Brief: Reproduce the entries that follow exactly, dropping each image.
Segment Open
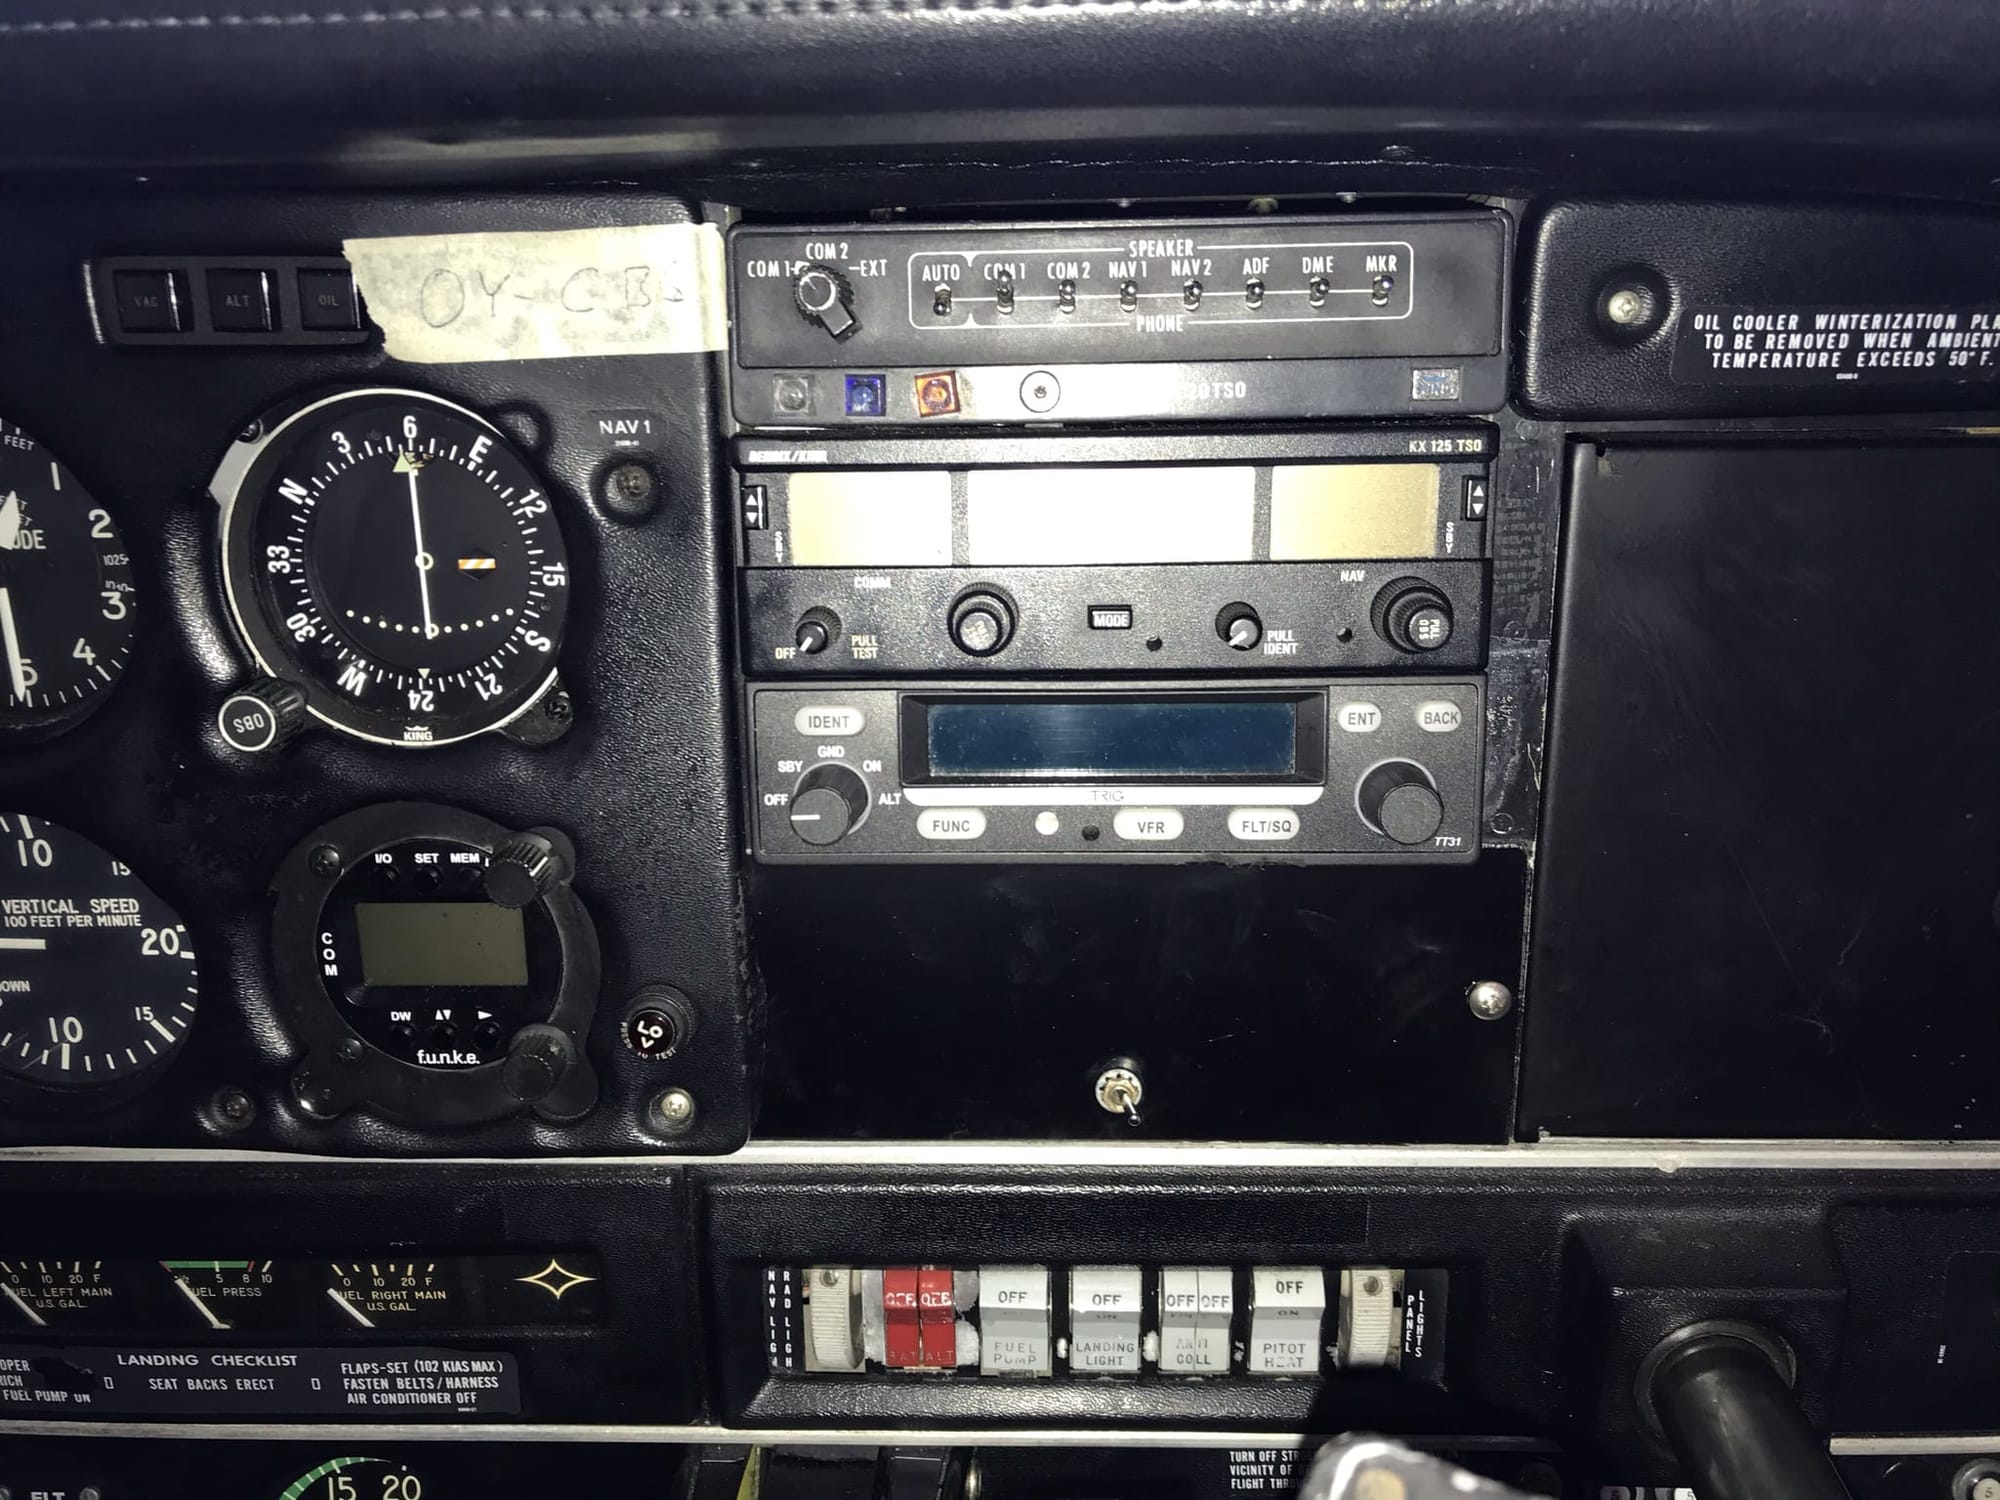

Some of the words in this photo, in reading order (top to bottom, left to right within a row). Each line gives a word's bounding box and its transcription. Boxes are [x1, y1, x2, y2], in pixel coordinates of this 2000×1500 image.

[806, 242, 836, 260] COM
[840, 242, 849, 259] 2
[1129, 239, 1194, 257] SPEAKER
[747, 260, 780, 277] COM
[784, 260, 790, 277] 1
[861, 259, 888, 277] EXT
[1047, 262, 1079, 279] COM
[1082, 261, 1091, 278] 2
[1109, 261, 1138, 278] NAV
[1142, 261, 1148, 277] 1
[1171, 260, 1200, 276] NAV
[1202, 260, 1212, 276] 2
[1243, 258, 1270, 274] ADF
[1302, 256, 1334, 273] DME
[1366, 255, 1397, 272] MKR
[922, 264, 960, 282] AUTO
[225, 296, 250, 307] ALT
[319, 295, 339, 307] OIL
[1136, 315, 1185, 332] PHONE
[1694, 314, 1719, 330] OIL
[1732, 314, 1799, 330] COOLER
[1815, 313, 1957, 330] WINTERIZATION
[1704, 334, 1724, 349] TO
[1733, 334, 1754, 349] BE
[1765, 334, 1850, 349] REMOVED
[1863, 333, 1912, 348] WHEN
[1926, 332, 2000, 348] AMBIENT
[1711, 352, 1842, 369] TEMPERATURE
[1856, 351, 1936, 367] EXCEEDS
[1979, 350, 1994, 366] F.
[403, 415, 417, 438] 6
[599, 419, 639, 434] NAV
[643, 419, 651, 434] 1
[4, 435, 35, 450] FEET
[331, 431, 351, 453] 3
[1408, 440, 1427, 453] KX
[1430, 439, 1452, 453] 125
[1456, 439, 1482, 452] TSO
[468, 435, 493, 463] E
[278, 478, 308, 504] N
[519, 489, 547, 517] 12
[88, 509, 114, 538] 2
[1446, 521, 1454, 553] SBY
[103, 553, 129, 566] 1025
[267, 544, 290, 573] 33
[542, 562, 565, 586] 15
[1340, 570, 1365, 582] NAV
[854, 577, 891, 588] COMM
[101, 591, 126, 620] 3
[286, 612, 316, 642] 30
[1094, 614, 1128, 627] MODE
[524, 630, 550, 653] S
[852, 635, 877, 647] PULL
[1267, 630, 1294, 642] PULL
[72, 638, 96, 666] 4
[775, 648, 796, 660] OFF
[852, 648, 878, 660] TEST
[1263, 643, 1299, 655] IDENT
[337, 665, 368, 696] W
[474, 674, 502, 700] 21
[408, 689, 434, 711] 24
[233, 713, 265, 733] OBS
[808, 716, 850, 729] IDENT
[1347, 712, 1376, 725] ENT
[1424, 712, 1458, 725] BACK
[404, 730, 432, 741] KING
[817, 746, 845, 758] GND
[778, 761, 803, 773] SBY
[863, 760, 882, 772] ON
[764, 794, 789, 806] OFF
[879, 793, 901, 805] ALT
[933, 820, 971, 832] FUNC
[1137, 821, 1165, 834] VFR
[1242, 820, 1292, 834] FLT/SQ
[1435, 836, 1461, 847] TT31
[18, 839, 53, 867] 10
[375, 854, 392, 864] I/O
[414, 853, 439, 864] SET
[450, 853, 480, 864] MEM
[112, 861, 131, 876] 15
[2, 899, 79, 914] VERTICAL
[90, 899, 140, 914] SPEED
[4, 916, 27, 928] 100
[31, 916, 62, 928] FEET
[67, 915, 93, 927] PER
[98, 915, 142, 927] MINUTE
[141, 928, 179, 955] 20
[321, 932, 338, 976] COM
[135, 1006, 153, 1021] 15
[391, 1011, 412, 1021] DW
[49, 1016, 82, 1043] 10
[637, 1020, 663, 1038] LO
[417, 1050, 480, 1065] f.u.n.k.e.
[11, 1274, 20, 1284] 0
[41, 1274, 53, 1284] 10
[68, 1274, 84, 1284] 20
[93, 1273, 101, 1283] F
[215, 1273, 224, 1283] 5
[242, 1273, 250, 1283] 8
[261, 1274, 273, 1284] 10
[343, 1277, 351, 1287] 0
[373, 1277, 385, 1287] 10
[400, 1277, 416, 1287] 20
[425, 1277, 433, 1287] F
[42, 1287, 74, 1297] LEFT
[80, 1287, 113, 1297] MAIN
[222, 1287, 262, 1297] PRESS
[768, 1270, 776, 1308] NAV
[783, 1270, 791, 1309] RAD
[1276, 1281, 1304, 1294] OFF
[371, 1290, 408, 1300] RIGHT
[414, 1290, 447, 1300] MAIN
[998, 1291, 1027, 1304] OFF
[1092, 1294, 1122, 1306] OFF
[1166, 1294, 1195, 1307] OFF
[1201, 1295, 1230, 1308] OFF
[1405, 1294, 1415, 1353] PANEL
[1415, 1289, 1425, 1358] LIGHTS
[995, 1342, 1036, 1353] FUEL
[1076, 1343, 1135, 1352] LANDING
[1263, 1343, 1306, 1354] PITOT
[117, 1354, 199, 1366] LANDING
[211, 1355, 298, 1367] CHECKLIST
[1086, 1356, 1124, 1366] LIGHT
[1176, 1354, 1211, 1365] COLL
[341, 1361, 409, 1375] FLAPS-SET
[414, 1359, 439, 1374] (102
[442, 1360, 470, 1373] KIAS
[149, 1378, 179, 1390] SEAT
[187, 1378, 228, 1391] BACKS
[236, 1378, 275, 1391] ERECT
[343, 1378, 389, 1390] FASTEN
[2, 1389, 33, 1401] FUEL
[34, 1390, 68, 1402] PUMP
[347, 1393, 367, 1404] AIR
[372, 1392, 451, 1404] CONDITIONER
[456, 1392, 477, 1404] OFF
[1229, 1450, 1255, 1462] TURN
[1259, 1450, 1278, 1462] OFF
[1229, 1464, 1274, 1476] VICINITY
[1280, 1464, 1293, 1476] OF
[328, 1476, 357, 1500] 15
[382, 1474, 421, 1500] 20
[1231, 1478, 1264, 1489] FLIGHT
Segment Closed
Answer section:
Some of the words in this photo, in reading order (top to bottom, left to right within a row). Each line gives a word's bounding box and its transcription. Boxes are [x1, y1, x2, y2], in pixel coordinates of this 2000×1500 image.

[806, 242, 836, 260] COM
[840, 242, 849, 259] 2
[1129, 239, 1194, 257] SPEAKER
[747, 260, 780, 277] COM
[784, 260, 790, 277] 1
[861, 259, 888, 277] EXT
[1047, 262, 1079, 279] COM
[1082, 261, 1091, 278] 2
[1109, 261, 1138, 278] NAV
[1142, 261, 1148, 277] 1
[1171, 260, 1200, 276] NAV
[1202, 260, 1212, 276] 2
[1243, 258, 1270, 274] ADF
[1302, 256, 1334, 273] DME
[1366, 255, 1397, 272] MKR
[922, 264, 960, 282] AUTO
[225, 296, 250, 307] ALT
[319, 295, 339, 307] OIL
[1136, 315, 1185, 332] PHONE
[1694, 314, 1719, 330] OIL
[1732, 314, 1799, 330] COOLER
[1815, 313, 1957, 330] WINTERIZATION
[1704, 334, 1724, 349] TO
[1733, 334, 1754, 349] BE
[1765, 334, 1850, 349] REMOVED
[1863, 333, 1912, 348] WHEN
[1926, 332, 2000, 348] AMBIENT
[1711, 352, 1842, 369] TEMPERATURE
[1856, 351, 1936, 367] EXCEEDS
[1979, 350, 1994, 366] F.
[403, 415, 417, 438] 6
[599, 419, 639, 434] NAV
[643, 419, 651, 434] 1
[4, 435, 35, 450] FEET
[331, 431, 351, 453] 3
[1408, 440, 1427, 453] KX
[1430, 439, 1452, 453] 125
[1456, 439, 1482, 452] TSO
[468, 435, 493, 463] E
[278, 478, 308, 504] N
[519, 489, 547, 517] 12
[88, 509, 114, 538] 2
[1446, 521, 1454, 553] SBY
[103, 553, 129, 566] 1025
[267, 544, 290, 573] 33
[542, 562, 565, 586] 15
[1340, 570, 1365, 582] NAV
[854, 577, 891, 588] COMM
[101, 591, 126, 620] 3
[286, 612, 316, 642] 30
[1094, 614, 1128, 627] MODE
[524, 630, 550, 653] S
[852, 635, 877, 647] PULL
[1267, 630, 1294, 642] PULL
[72, 638, 96, 666] 4
[775, 648, 796, 660] OFF
[852, 648, 878, 660] TEST
[1263, 643, 1299, 655] IDENT
[337, 665, 368, 696] W
[474, 674, 502, 700] 21
[408, 689, 434, 711] 24
[233, 713, 265, 733] OBS
[808, 716, 850, 729] IDENT
[1347, 712, 1376, 725] ENT
[1424, 712, 1458, 725] BACK
[404, 730, 432, 741] KING
[817, 746, 845, 758] GND
[778, 761, 803, 773] SBY
[863, 760, 882, 772] ON
[764, 794, 789, 806] OFF
[879, 793, 901, 805] ALT
[933, 820, 971, 832] FUNC
[1137, 821, 1165, 834] VFR
[1242, 820, 1292, 834] FLT/SQ
[1435, 836, 1461, 847] TT31
[18, 839, 53, 867] 10
[375, 854, 392, 864] I/O
[414, 853, 439, 864] SET
[450, 853, 480, 864] MEM
[112, 861, 131, 876] 15
[2, 899, 79, 914] VERTICAL
[90, 899, 140, 914] SPEED
[4, 916, 27, 928] 100
[31, 916, 62, 928] FEET
[67, 915, 93, 927] PER
[98, 915, 142, 927] MINUTE
[141, 928, 179, 955] 20
[321, 932, 338, 976] COM
[135, 1006, 153, 1021] 15
[391, 1011, 412, 1021] DW
[49, 1016, 82, 1043] 10
[637, 1020, 663, 1038] LO
[417, 1050, 480, 1065] f.u.n.k.e.
[11, 1274, 20, 1284] 0
[41, 1274, 53, 1284] 10
[68, 1274, 84, 1284] 20
[93, 1273, 101, 1283] F
[215, 1273, 224, 1283] 5
[242, 1273, 250, 1283] 8
[261, 1274, 273, 1284] 10
[343, 1277, 351, 1287] 0
[373, 1277, 385, 1287] 10
[400, 1277, 416, 1287] 20
[425, 1277, 433, 1287] F
[42, 1287, 74, 1297] LEFT
[80, 1287, 113, 1297] MAIN
[222, 1287, 262, 1297] PRESS
[768, 1270, 776, 1308] NAV
[783, 1270, 791, 1309] RAD
[1276, 1281, 1304, 1294] OFF
[371, 1290, 408, 1300] RIGHT
[414, 1290, 447, 1300] MAIN
[998, 1291, 1027, 1304] OFF
[1092, 1294, 1122, 1306] OFF
[1166, 1294, 1195, 1307] OFF
[1201, 1295, 1230, 1308] OFF
[1405, 1294, 1415, 1353] PANEL
[1415, 1289, 1425, 1358] LIGHTS
[995, 1342, 1036, 1353] FUEL
[1076, 1343, 1135, 1352] LANDING
[1263, 1343, 1306, 1354] PITOT
[117, 1354, 199, 1366] LANDING
[211, 1355, 298, 1367] CHECKLIST
[1086, 1356, 1124, 1366] LIGHT
[1176, 1354, 1211, 1365] COLL
[341, 1361, 409, 1375] FLAPS-SET
[414, 1359, 439, 1374] (102
[442, 1360, 470, 1373] KIAS
[149, 1378, 179, 1390] SEAT
[187, 1378, 228, 1391] BACKS
[236, 1378, 275, 1391] ERECT
[343, 1378, 389, 1390] FASTEN
[2, 1389, 33, 1401] FUEL
[34, 1390, 68, 1402] PUMP
[347, 1393, 367, 1404] AIR
[372, 1392, 451, 1404] CONDITIONER
[456, 1392, 477, 1404] OFF
[1229, 1450, 1255, 1462] TURN
[1259, 1450, 1278, 1462] OFF
[1229, 1464, 1274, 1476] VICINITY
[1280, 1464, 1293, 1476] OF
[328, 1476, 357, 1500] 15
[382, 1474, 421, 1500] 20
[1231, 1478, 1264, 1489] FLIGHT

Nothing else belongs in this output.